[[ Source material, beginning ]]

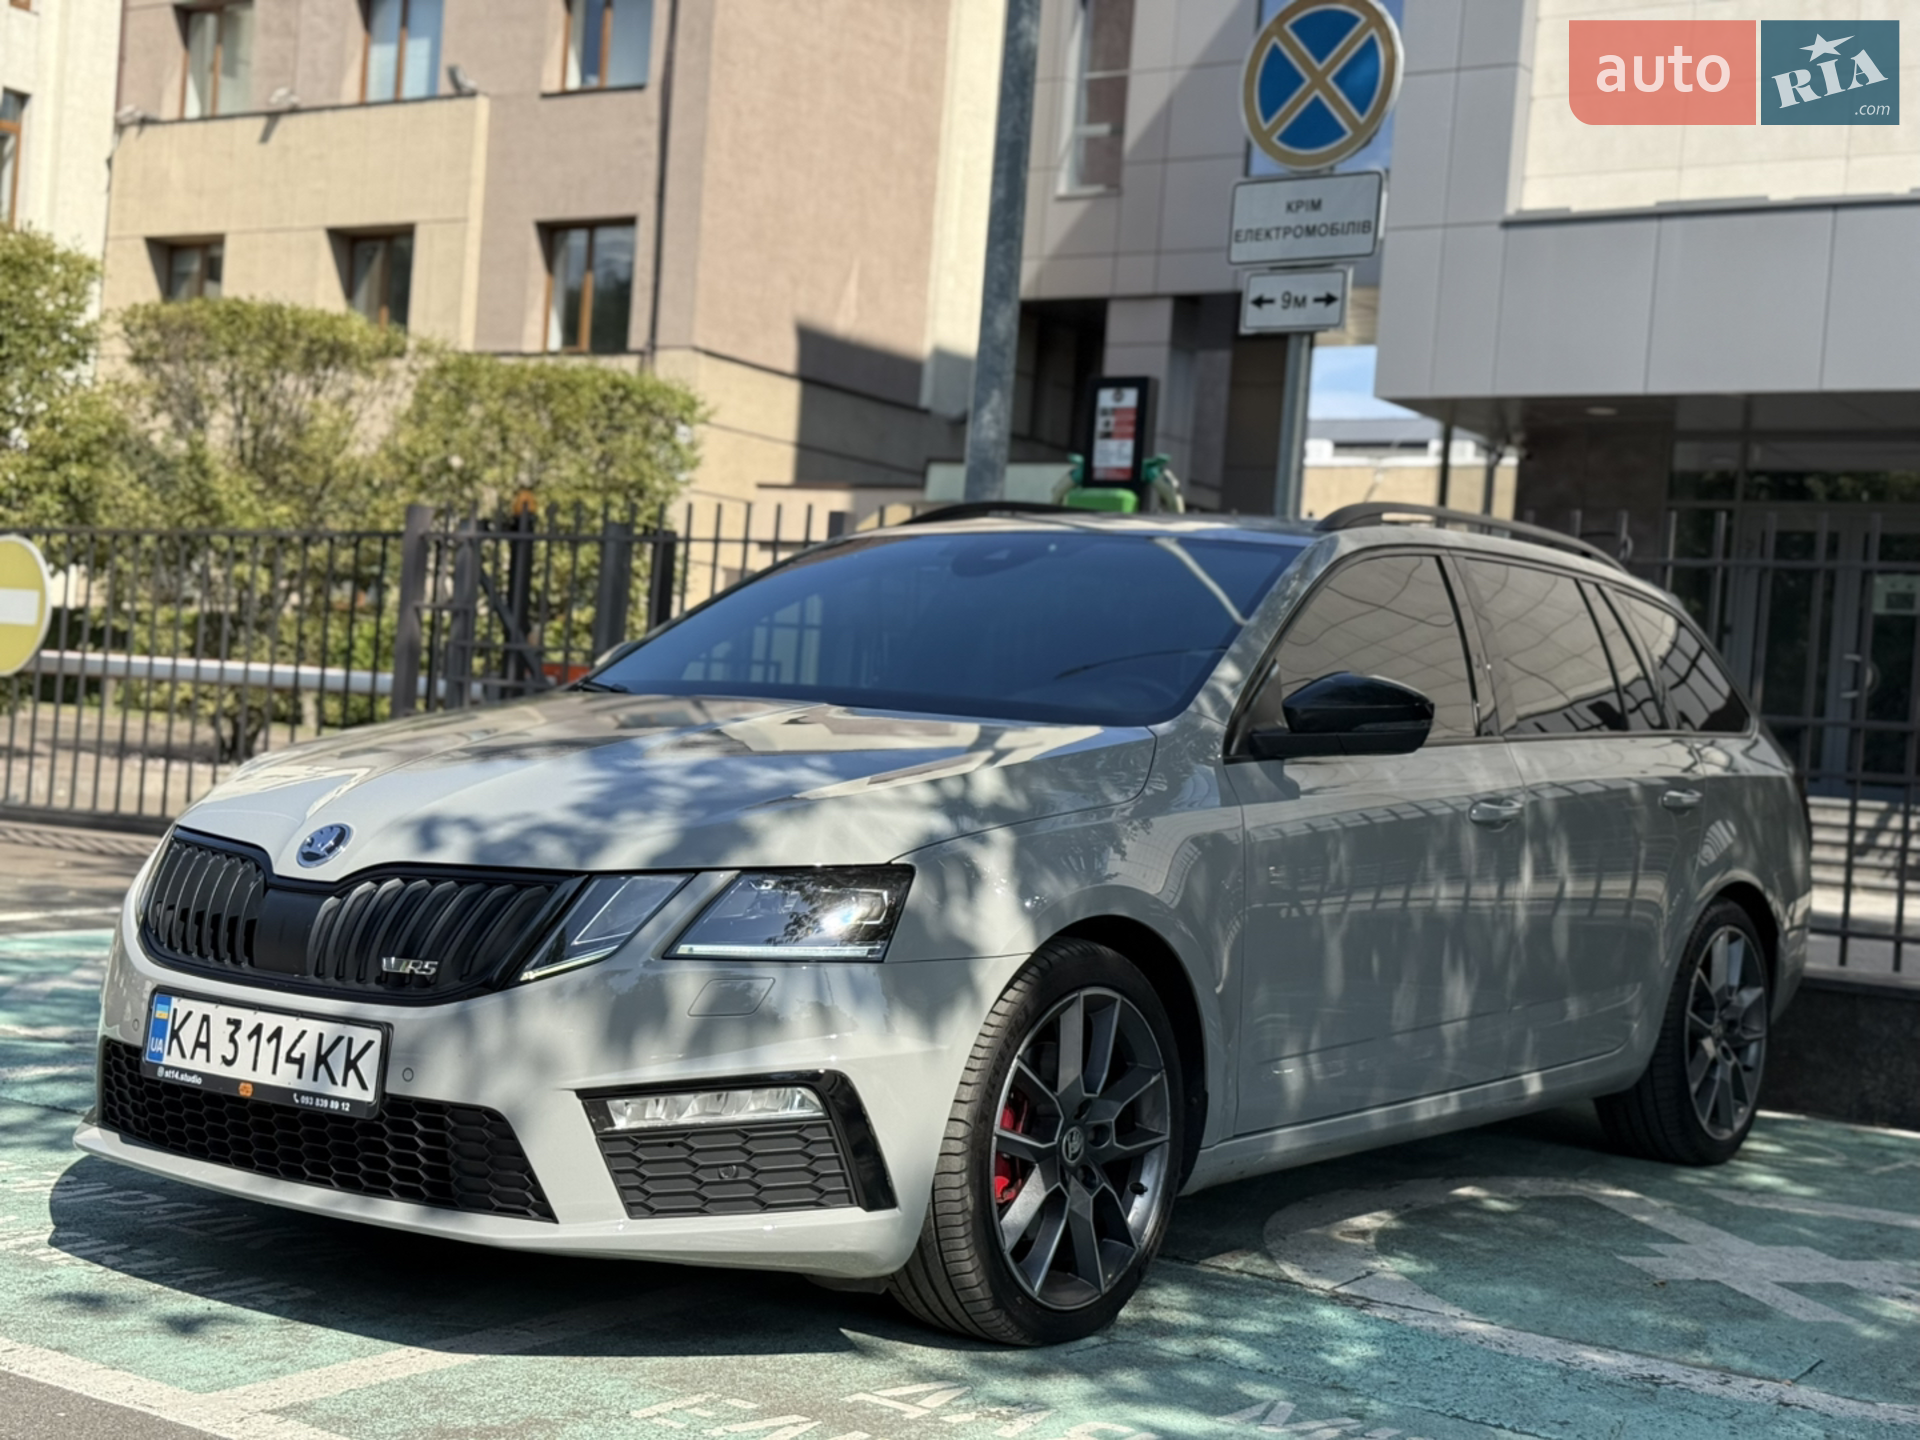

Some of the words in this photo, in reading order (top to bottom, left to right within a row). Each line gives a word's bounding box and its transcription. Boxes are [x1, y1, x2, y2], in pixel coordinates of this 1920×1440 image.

[1285, 199, 1322, 213] КРІМ
[1234, 220, 1372, 243] ЕЛЕКТРОМОБІЛІВ
[150, 1037, 164, 1054] UA
[341, 1101, 350, 1112] 12

[[ Source material, end ]]

- What the task asks -
Your answer must be a verbatim copy of the entries above, with no images included.

- Exercise response -
Some of the words in this photo, in reading order (top to bottom, left to right within a row). Each line gives a word's bounding box and its transcription. Boxes are [x1, y1, x2, y2], in pixel coordinates of this 1920×1440 image.

[1285, 199, 1322, 213] КРІМ
[1234, 220, 1372, 243] ЕЛЕКТРОМОБІЛІВ
[150, 1037, 164, 1054] UA
[341, 1101, 350, 1112] 12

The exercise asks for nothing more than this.